On Sun, Aug 1, 2010 at 7:04 PM, Yves Therriault < [hidden email]> wrote:
> Dear Stata users,
>
> I've been using SPSS for 20 years. For the time being, I still use a
> six years old version of SPSS (12.01). For many reasons, I told my
> organisation that I would rather purchasing one licence of Stata
> instead of upgrading to the newest release of SPSS (18.0).
>
> A few months ago, I've asked former SPSS users to write about their
> experience with Stata. Generally, people who have decided to switch
> from SPSS to Stata aren't looking back.
>
> In order to learn the basics of Stata more easily when the software is
> installed on my computer, I bought 3 introductory books : A Gentle
> Introduction to Stata ; An Introduction to Stata for Health
> Researchers and, finally Data Analysis Using Stata.
>
> I'm interested to hear from those who made the switch to Stata and
> particularly about the lurning curve regarding the management of Stata
> output.
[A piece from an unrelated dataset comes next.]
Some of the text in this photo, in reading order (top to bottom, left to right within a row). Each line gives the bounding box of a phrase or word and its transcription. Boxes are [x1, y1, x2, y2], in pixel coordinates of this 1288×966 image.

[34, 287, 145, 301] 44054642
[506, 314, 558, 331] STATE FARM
Generally, Stata seems to be far more superior to SPSS in many
> ways. But, in my humble opinion, Stata is currently far behind SPSS
> concerning how it displays its output. I'm aware that a lot of
> routines have been written by Stata users to customize outputs though.
>
> Just in case Stata programmers were monitoring this list, I would be
> very pleased if the company decided to "improve" the output display in
> a future release. Perhaps, another possible feature would gave the
> user the choice between a "standard" Stata output and a Spsslike
> output.

Stas Kolenikov, also found at http://stas.kolenikov.nameSmall print: I use this email account for mailing lists only.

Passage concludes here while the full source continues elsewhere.